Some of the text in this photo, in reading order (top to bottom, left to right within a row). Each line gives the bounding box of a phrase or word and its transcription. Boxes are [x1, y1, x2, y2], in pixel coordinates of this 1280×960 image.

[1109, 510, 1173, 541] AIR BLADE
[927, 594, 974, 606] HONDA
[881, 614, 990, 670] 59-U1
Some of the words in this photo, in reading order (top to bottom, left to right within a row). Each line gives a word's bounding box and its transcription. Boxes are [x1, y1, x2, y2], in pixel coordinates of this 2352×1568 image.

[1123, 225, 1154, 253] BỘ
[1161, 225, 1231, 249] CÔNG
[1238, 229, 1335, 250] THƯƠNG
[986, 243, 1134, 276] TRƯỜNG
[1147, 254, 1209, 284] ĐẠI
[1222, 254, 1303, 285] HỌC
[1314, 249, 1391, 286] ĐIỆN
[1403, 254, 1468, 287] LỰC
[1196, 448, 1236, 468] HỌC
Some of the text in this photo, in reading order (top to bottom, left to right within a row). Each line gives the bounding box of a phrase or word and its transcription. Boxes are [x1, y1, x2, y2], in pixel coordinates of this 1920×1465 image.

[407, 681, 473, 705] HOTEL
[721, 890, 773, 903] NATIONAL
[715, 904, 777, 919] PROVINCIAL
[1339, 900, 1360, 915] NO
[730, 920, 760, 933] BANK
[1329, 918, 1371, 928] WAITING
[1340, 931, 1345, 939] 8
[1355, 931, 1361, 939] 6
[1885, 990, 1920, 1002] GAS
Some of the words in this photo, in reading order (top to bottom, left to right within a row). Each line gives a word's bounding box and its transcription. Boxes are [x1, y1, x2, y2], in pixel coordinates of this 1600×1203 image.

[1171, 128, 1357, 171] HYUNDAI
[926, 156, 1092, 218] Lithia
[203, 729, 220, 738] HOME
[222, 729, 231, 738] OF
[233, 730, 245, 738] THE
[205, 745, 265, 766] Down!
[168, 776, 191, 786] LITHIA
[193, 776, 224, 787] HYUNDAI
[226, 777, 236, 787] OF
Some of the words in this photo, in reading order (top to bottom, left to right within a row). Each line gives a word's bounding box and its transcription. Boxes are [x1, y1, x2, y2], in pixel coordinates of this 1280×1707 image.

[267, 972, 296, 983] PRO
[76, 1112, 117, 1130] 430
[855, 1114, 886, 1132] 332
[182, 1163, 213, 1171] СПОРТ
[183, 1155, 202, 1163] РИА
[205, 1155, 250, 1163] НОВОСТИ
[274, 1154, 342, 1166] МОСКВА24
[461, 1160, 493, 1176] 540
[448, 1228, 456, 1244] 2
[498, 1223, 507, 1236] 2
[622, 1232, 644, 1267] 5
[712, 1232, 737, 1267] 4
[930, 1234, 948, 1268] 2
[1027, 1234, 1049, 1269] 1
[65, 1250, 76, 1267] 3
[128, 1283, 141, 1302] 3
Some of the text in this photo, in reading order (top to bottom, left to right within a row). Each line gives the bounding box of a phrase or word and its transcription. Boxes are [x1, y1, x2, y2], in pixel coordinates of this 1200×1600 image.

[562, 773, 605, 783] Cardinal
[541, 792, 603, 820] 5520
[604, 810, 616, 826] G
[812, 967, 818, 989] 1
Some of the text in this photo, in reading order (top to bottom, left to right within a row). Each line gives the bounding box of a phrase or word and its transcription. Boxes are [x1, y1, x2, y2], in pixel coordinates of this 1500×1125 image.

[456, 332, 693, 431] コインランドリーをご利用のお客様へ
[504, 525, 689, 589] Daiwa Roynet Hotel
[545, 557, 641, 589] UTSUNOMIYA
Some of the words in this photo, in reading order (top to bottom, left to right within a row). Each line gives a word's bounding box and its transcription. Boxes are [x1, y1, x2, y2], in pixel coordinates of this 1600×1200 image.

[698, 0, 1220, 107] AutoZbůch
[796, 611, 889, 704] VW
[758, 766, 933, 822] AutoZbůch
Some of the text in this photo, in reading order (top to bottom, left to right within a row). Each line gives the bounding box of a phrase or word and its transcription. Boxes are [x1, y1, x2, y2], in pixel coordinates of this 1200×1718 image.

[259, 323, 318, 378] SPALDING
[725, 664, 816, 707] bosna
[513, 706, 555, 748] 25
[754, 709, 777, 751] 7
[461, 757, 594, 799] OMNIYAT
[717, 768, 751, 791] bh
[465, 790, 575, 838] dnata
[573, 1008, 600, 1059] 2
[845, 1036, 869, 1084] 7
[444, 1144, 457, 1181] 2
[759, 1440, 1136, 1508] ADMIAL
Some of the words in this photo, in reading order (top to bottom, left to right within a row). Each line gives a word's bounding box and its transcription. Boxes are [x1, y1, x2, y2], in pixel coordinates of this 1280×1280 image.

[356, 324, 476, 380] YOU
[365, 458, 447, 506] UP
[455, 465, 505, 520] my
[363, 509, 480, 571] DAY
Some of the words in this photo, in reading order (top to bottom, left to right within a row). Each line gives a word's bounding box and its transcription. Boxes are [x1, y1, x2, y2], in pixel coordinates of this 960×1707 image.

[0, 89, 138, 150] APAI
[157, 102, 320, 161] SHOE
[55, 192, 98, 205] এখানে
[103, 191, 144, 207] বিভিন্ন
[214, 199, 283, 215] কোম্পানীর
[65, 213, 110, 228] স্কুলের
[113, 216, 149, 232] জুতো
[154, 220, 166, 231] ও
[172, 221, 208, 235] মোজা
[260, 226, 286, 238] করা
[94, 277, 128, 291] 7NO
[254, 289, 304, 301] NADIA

_ _ _ _

Exercise description
In full and without deviation, reproduce the entries above.

Response to this task
Some of the text in this photo, in reading order (top to bottom, left to right within a row). Each line gives the bounding box of a phrase or word and its transcription. Boxes are [x1, y1, x2, y2], in pixel coordinates of this 1280×960 image.

[1109, 510, 1173, 541] AIR BLADE
[927, 594, 974, 606] HONDA
[881, 614, 990, 670] 59-U1
Some of the words in this photo, in reading order (top to bottom, left to right within a row). Each line gives a word's bounding box and its transcription. Boxes are [x1, y1, x2, y2], in pixel coordinates of this 2352×1568 image.

[1123, 225, 1154, 253] BỘ
[1161, 225, 1231, 249] CÔNG
[1238, 229, 1335, 250] THƯƠNG
[986, 243, 1134, 276] TRƯỜNG
[1147, 254, 1209, 284] ĐẠI
[1222, 254, 1303, 285] HỌC
[1314, 249, 1391, 286] ĐIỆN
[1403, 254, 1468, 287] LỰC
[1196, 448, 1236, 468] HỌC
Some of the text in this photo, in reading order (top to bottom, left to right within a row). Each line gives the bounding box of a phrase or word and its transcription. Boxes are [x1, y1, x2, y2], in pixel coordinates of this 1920×1465 image.

[407, 681, 473, 705] HOTEL
[721, 890, 773, 903] NATIONAL
[715, 904, 777, 919] PROVINCIAL
[1339, 900, 1360, 915] NO
[730, 920, 760, 933] BANK
[1329, 918, 1371, 928] WAITING
[1340, 931, 1345, 939] 8
[1355, 931, 1361, 939] 6
[1885, 990, 1920, 1002] GAS
Some of the words in this photo, in reading order (top to bottom, left to right within a row). Each line gives a word's bounding box and its transcription. Boxes are [x1, y1, x2, y2], in pixel coordinates of this 1600×1203 image.

[1171, 128, 1357, 171] HYUNDAI
[926, 156, 1092, 218] Lithia
[203, 729, 220, 738] HOME
[222, 729, 231, 738] OF
[233, 730, 245, 738] THE
[205, 745, 265, 766] Down!
[168, 776, 191, 786] LITHIA
[193, 776, 224, 787] HYUNDAI
[226, 777, 236, 787] OF
Some of the words in this photo, in reading order (top to bottom, left to right within a row). Each line gives a word's bounding box and its transcription. Boxes are [x1, y1, x2, y2], in pixel coordinates of this 1280×1707 image.

[267, 972, 296, 983] PRO
[76, 1112, 117, 1130] 430
[855, 1114, 886, 1132] 332
[182, 1163, 213, 1171] СПОРТ
[183, 1155, 202, 1163] РИА
[205, 1155, 250, 1163] НОВОСТИ
[274, 1154, 342, 1166] МОСКВА24
[461, 1160, 493, 1176] 540
[448, 1228, 456, 1244] 2
[498, 1223, 507, 1236] 2
[622, 1232, 644, 1267] 5
[712, 1232, 737, 1267] 4
[930, 1234, 948, 1268] 2
[1027, 1234, 1049, 1269] 1
[65, 1250, 76, 1267] 3
[128, 1283, 141, 1302] 3
Some of the text in this photo, in reading order (top to bottom, left to right within a row). Each line gives the bounding box of a phrase or word and its transcription. Boxes are [x1, y1, x2, y2], in pixel coordinates of this 1200×1600 image.

[562, 773, 605, 783] Cardinal
[541, 792, 603, 820] 5520
[604, 810, 616, 826] G
[812, 967, 818, 989] 1
Some of the text in this photo, in reading order (top to bottom, left to right within a row). Each line gives the bounding box of a phrase or word and its transcription. Boxes are [x1, y1, x2, y2], in pixel coordinates of this 1500×1125 image.

[456, 332, 693, 431] コインランドリーをご利用のお客様へ
[504, 525, 689, 589] Daiwa Roynet Hotel
[545, 557, 641, 589] UTSUNOMIYA
Some of the words in this photo, in reading order (top to bottom, left to right within a row). Each line gives a word's bounding box and its transcription. Boxes are [x1, y1, x2, y2], in pixel coordinates of this 1600×1200 image.

[698, 0, 1220, 107] AutoZbůch
[796, 611, 889, 704] VW
[758, 766, 933, 822] AutoZbůch
Some of the text in this photo, in reading order (top to bottom, left to right within a row). Each line gives the bounding box of a phrase or word and its transcription. Boxes are [x1, y1, x2, y2], in pixel coordinates of this 1200×1718 image.

[259, 323, 318, 378] SPALDING
[725, 664, 816, 707] bosna
[513, 706, 555, 748] 25
[754, 709, 777, 751] 7
[461, 757, 594, 799] OMNIYAT
[717, 768, 751, 791] bh
[465, 790, 575, 838] dnata
[573, 1008, 600, 1059] 2
[845, 1036, 869, 1084] 7
[444, 1144, 457, 1181] 2
[759, 1440, 1136, 1508] ADMIAL
Some of the words in this photo, in reading order (top to bottom, left to right within a row). Each line gives a word's bounding box and its transcription. Boxes are [x1, y1, x2, y2], in pixel coordinates of this 1280×1280 image.

[356, 324, 476, 380] YOU
[365, 458, 447, 506] UP
[455, 465, 505, 520] my
[363, 509, 480, 571] DAY
Some of the words in this photo, in reading order (top to bottom, left to right within a row). Each line gives a word's bounding box and its transcription. Boxes are [x1, y1, x2, y2], in pixel coordinates of this 960×1707 image.

[0, 89, 138, 150] APAI
[157, 102, 320, 161] SHOE
[55, 192, 98, 205] এখানে
[103, 191, 144, 207] বিভিন্ন
[214, 199, 283, 215] কোম্পানীর
[65, 213, 110, 228] স্কুলের
[113, 216, 149, 232] জুতো
[154, 220, 166, 231] ও
[172, 221, 208, 235] মোজা
[260, 226, 286, 238] করা
[94, 277, 128, 291] 7NO
[254, 289, 304, 301] NADIA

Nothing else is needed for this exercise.